Mechanistic Modeling of Renal Drug Response
During my M.Math at the University of Waterloo I built a physics based computational model of kidney function at the nephron level. The nephron is the functional unit of the kidney. By modeling transport along a representative nephron and enforcing physiological constraints we constructed a model intended to reflect whole kidney behavior in steady state. The goal was to study electrolyte regulation and the impact of medications on solute handling.
Repository https://github.com/Layton-Lab/nephron-calcium
Problem: Existing Kidney Models Ignored the Very Electrolytes Most Affected by Modern Diabetes Therapies
The kidney tightly regulates sodium calcium magnesium water and other solutes through coordinated transport across specialized nephron segments. Disturbances in this regulation can have systemic consequences.

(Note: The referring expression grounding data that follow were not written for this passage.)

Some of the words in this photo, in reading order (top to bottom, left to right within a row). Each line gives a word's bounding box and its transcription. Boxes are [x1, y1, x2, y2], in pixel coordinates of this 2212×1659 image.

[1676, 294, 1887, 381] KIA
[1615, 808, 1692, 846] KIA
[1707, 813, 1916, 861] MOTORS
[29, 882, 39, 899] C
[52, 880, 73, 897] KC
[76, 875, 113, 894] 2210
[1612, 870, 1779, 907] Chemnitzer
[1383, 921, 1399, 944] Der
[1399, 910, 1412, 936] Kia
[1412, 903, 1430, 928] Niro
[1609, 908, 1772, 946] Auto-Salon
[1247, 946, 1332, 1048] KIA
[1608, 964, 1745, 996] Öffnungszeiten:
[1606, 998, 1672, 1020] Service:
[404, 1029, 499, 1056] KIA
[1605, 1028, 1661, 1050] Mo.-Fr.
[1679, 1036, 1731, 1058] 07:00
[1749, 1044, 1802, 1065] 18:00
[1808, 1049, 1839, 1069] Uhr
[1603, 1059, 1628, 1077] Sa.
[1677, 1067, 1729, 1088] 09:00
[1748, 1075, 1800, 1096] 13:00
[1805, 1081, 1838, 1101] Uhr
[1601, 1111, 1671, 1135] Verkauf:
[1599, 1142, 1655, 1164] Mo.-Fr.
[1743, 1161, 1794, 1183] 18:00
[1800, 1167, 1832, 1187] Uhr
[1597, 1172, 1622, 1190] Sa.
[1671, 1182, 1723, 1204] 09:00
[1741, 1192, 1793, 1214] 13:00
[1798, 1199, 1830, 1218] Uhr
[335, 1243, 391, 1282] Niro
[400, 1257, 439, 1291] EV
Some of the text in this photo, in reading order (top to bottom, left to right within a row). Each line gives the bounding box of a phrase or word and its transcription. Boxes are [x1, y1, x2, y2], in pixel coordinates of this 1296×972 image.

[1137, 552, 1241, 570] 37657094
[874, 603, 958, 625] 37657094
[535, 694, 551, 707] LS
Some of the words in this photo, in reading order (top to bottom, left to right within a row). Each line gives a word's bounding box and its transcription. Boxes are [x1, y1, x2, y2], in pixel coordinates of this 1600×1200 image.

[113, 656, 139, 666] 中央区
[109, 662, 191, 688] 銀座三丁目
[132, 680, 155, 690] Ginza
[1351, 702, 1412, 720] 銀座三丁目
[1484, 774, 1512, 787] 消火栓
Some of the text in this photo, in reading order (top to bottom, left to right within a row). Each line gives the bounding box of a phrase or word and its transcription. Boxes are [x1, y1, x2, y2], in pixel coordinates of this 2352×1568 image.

Most existing whole nephron models focused primarily on sodium glucose and water. Calcium and magnesium transport were either simplified or omitted across segments. Because of this they could not adequately reflect how medications influence mineral balance.
The importance of calcium and magnesium became clear while analyzing the largest diabetes dataset in Canada. Using machine learning models and longitudinal analysis we observed persistent calcium and magnesium deficiencies in a substantial subset of patients. We also applied causal inference techniques such as propensity score matching to control for confounding and compare treated and untreated groups. These analyses suggested associations between certain diabetes therapies and downstream mineral imbalance.
Reduced calcium reabsorption can contribute to bone loss and osteoporosis particularly in patients treated with metformin or SGLT2 inhibitors. Magnesium dysregulation is associated with cardiovascular complications metabolic instability and neuromuscular effects.
We wanted to build a kidney model that explicitly captured these ions and provided a framework for evaluating both current and future medications. A mechanistic model makes it possible to identify which nephron segments are most affected by a given perturbation. Clinical trials measure overall outcomes but cannot isolate segment specific transport dynamics.
How We Built a Physics Based Kidney Model From First Principles
We divided a representative nephron into its physiologically relevant segments including proximal tubule descending limb ascending limb distal tubule and collecting duct.
For each segment we wrote physics based transport equations for sodium calcium magnesium chloride glucose and other solutes. These equations were derived from conservation principles and established epithelial transport laws.
For each epithelial compartment we specified:
Mass conservation for every solute
Electrochemical driving forces derived from membrane potentials
Transcellular fluxes through known transporters
Paracellular transport pathways
Segment specific transporter densities based on experimental data
Each segment was constructed individually and then connected to adjacent segments through continuity conditions. By enforcing conservation and electrochemical balance across the full nephron we obtained an integrated kidney model at steady state.

Reformulating a Large PDE System Into a Solvable Nonlinear ODE Problem
In principle the full spatial and temporal formulation would yield a large system of coupled partial differential equations over space and time. Solving such a system directly would be computationally expensive and difficult to analyze.
Instead we assumed steady state transport. By removing the time dimension the model reduces to a structured nonlinear system of ordinary differential equations and algebraic constraints. We solved this system using Newton’s method.
This reformulation preserved mechanistic detail while making the problem computationally tractable.
What the Model Revealed and How We Validated It
We developed a whole nephron kidney model explicitly incorporating calcium and magnesium transport.
We simulated pharmacological inhibition and evaluated its impact on electrolyte balance. The model allowed us to track how local transporter changes propagate downstream across segments.
We compared model predictions with published clinical studies and observed qualitative agreement in electrolyte trends under drug inhibition. This validation increased confidence that the model captures key physiological mechanisms.
The framework provides a controlled computational setting to study causal pathways that are difficult to isolate experimentally.
Reflection
This project connected data driven analysis with mechanistic modeling. Machine learning and longitudinal methods surfaced patterns in real patient populations. Causal techniques such as propensity score matching strengthened the evidence that medication exposure may influence mineral balance. The mechanistic kidney model then provided a structured way to explore how those associations could arise from underlying transport dynamics.
Writing down the physics forces clarity. Every flux must balance and every constraint must hold.
This work strengthened my interest in combining mechanistic physiological models with statistical learning and causal inference to better understand complex human systems.